Mud Season

Put your hands into the mire.
They will learn the kinship
of the shaped and the unshapen,
the living and the dead.

–Wendell Berry, “Prayers and Sayings of the Mad Farmer”

With winter’s ending and the start of the soil’s thawing, we now enter Michigan’s infamous fifth season: mud time.

Mud is something of a foe on the farm. We fight to keep it out of the house, or at least confined to the mud room. I try to stay out of the fields when it’s muddy, especially here in the spring. If I get too eager and drive the tractor into the field too soon, all I accomplish is compacting the soil, maybe even getting the tractor stuck. Mud days delay spring seeding and transplanting, and they make fall harvesting a hassle.

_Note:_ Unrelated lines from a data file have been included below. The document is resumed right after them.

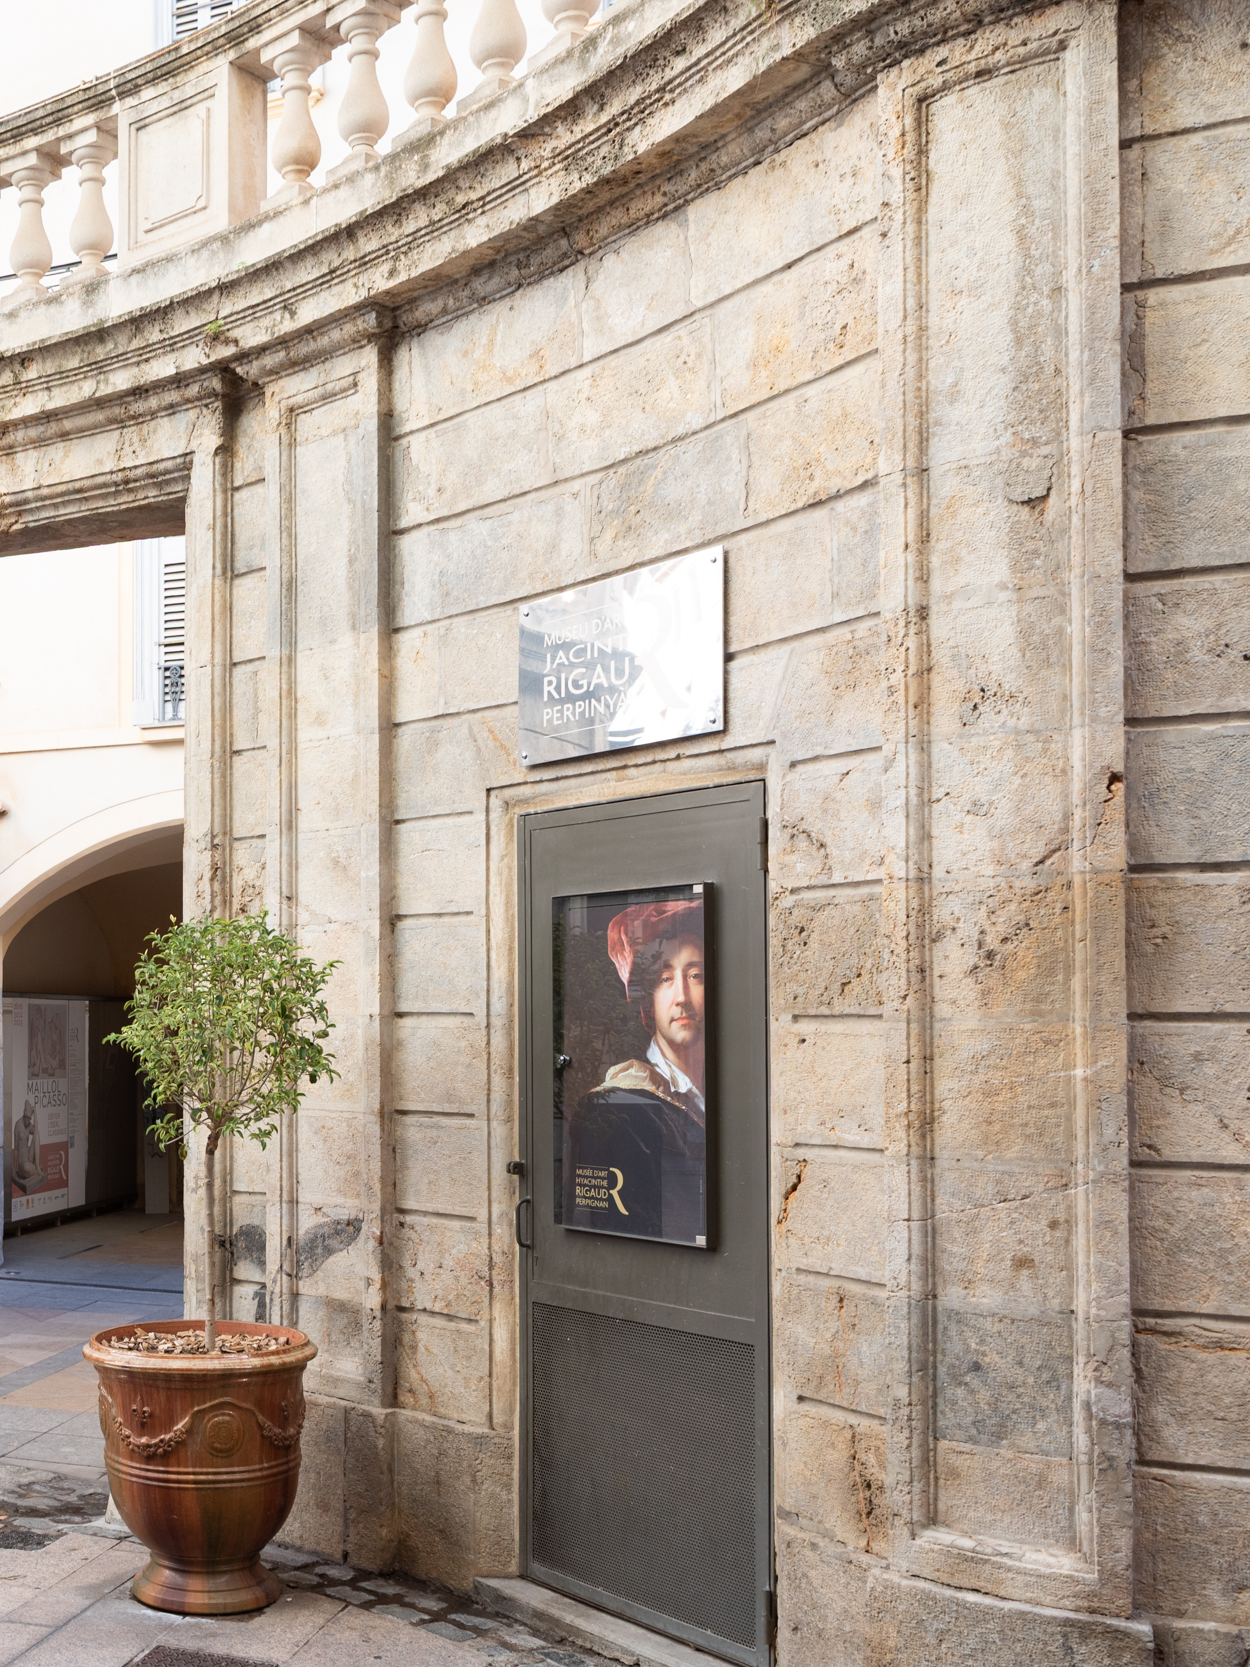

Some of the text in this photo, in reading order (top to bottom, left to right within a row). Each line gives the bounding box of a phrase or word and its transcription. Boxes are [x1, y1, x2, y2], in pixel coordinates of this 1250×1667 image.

[543, 614, 622, 648] MUSEU D'AR
[543, 632, 629, 673] JACINT
[543, 656, 630, 701] RIGAU
[543, 687, 627, 727] PERPINYÀ
[26, 1080, 62, 1095] MAILLOL
[34, 1093, 68, 1109] PICASSO
[575, 1167, 609, 1177] MUSÉE D'ART
[575, 1177, 609, 1188] HYACINTHE
[575, 1186, 609, 1199] RIGAUD
[609, 1167, 629, 1216] R
[575, 1197, 609, 1208] PERPIGNAN

I especially remember one rainy fall when the final summer squash succession was planted in the wettest part of our field. We were sinking in the soil up to our ankles trying to harvest them. Then someone on the crew had the brilliant idea to use overgrown patty pan squash—some of them big around as dinner plates—as stepping stones. So there we were, out in the field, balanced on these cucurbits floating in a lake of mud. Worked like a charm.

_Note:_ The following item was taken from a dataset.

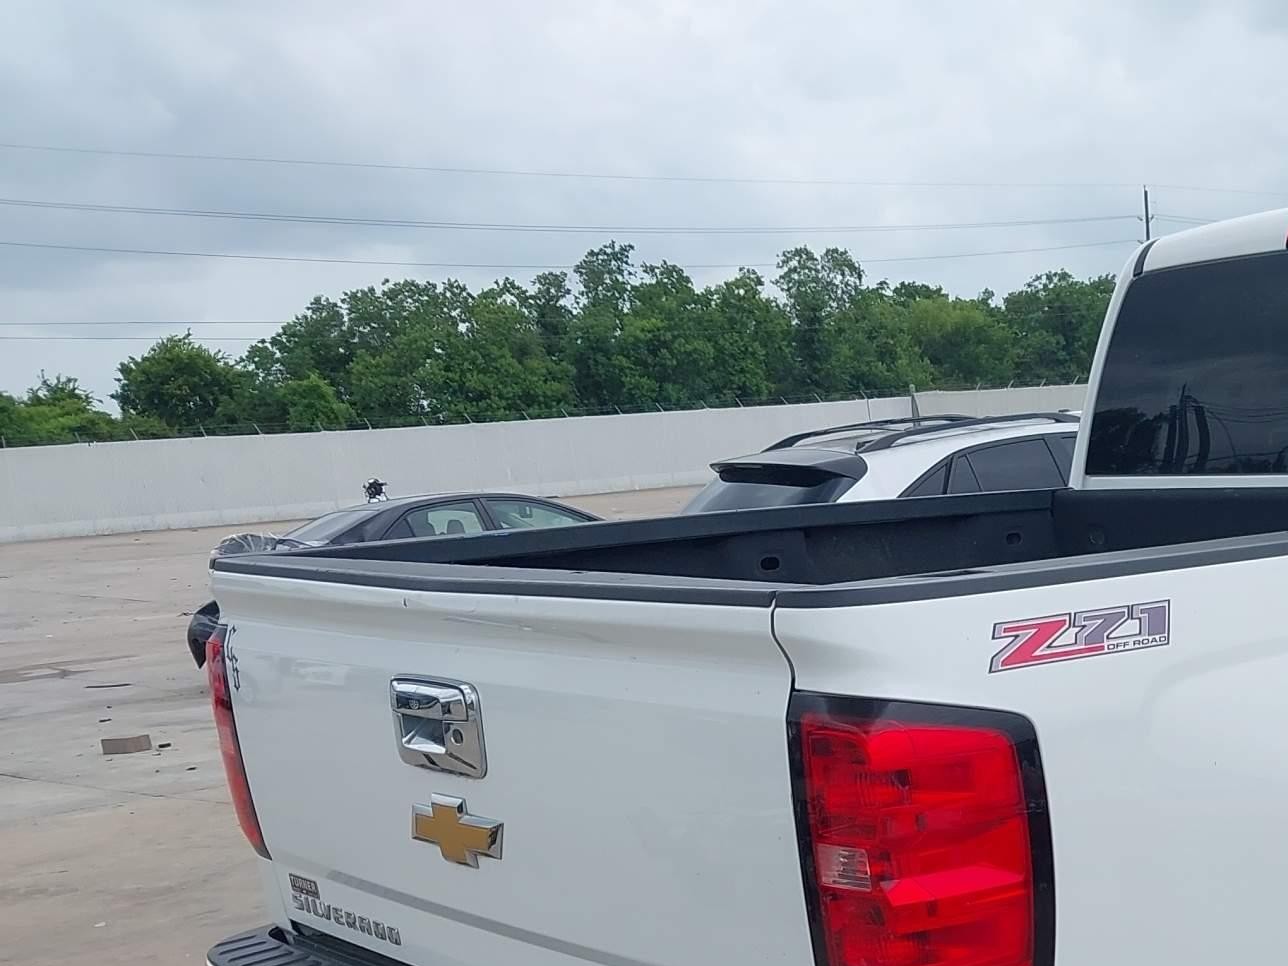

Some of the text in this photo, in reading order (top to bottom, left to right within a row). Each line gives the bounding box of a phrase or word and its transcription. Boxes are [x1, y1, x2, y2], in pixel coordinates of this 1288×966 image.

[988, 599, 1172, 674] Z71
[1106, 635, 1168, 651] OFF ROAD
[291, 893, 403, 947] SILVERADO

My neighbors don’t have the luxury of keeping their equipment off wet ground at harvest time, and in a rainy fall they are compelled to slog through their fields, leaving deep ruts. The damage they do persists even into the following seasons, where you can clearly see the stunted corn struggling to grow on that deeply compacted soil.

It is said God formed the first man out of the soil, and we know that after death we return to that soil. “For dust thou art, and unto dust shalt thou return,” as the man says. This is the way of all living things. Walt Whitman even rhapsodized about it in an ode to compost. (“Behold this compost! Behold it well!” he exclaims. “Out of its hill rises the yellow maize-stalk, the lilacs bloom in the dooryards, the summer growth is innocent and disdainful above all those strata of sour dead.”) And within the soil itself, I read, this same drama unfolds on a microscopic level: creatures living and dying and so creating more soil, this living skin of our planet, our home.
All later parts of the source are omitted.